"Better Off" in Iraq?

Human Rights Watch issued a report ("They Want Us Exterminated", 17 August 2009) with the subtitle "Murder, Torture, Sexual Orientation and Gender in Iraq".

From the introduction:

A killing campaign moved across Iraq in the early months of 2009. While the country remains a dangerous place for many if not most of its citizens, death squads started specifically singling out men whom they considered not "manly" enough, or whom they suspected of homosexual conduct. The most trivial details of appearance-the length of a man's hair, the fit of his clothes-could determine whether he lived or died.

We've known, through scattered news reports and smuggled blog postings that this has been going on. The Iraqi government seems uninterested in doing anything about it. The US Government, amidst rumors / reports that US soldiers have been involved in the abuse and murder.

Reporting on the report, the Washington Post wrote

Although the scope of the problem remains unclear, hundreds of gay men may have been killed this year in predominantly Shiite Muslim areas, the report's authors said, basing their conclusion on interviews with gay Iraqi men, hospital officials and an unnamed United Nations official in Baghdad.

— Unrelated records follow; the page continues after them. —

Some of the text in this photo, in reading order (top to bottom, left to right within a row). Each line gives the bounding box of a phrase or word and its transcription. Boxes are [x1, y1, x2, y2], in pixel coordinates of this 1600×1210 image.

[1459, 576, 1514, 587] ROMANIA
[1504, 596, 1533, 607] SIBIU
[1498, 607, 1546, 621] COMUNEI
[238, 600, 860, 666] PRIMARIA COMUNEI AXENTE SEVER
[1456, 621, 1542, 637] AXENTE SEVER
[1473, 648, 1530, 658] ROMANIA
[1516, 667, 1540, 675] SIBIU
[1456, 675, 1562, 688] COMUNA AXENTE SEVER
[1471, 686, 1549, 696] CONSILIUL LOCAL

"The government has done absolutely nothing to respond," said Scott Long, director of the gay rights program at Human Rights Watch. "So far there has been pretty much a stone wall."

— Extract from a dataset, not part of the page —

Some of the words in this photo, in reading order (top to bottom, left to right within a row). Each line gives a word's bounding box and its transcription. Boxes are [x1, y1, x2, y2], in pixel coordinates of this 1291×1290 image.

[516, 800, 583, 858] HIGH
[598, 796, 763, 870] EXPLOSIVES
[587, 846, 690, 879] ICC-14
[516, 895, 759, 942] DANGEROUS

Homosexuality was tacitly accepted during the last years of Saddam Hussein's rule, but Iraqis have long viewed it as taboo and shameful.

[Ernesto Londoño, "Gay Men Targeted In Iraq, Report Says", Washington Post, 17 August 2009.]

We recall vividly, of course, the Bush rhetoric about Hussein used to justify the war, but one is forced now to wonder: are gay men better off in Iraq than they were eight years ago?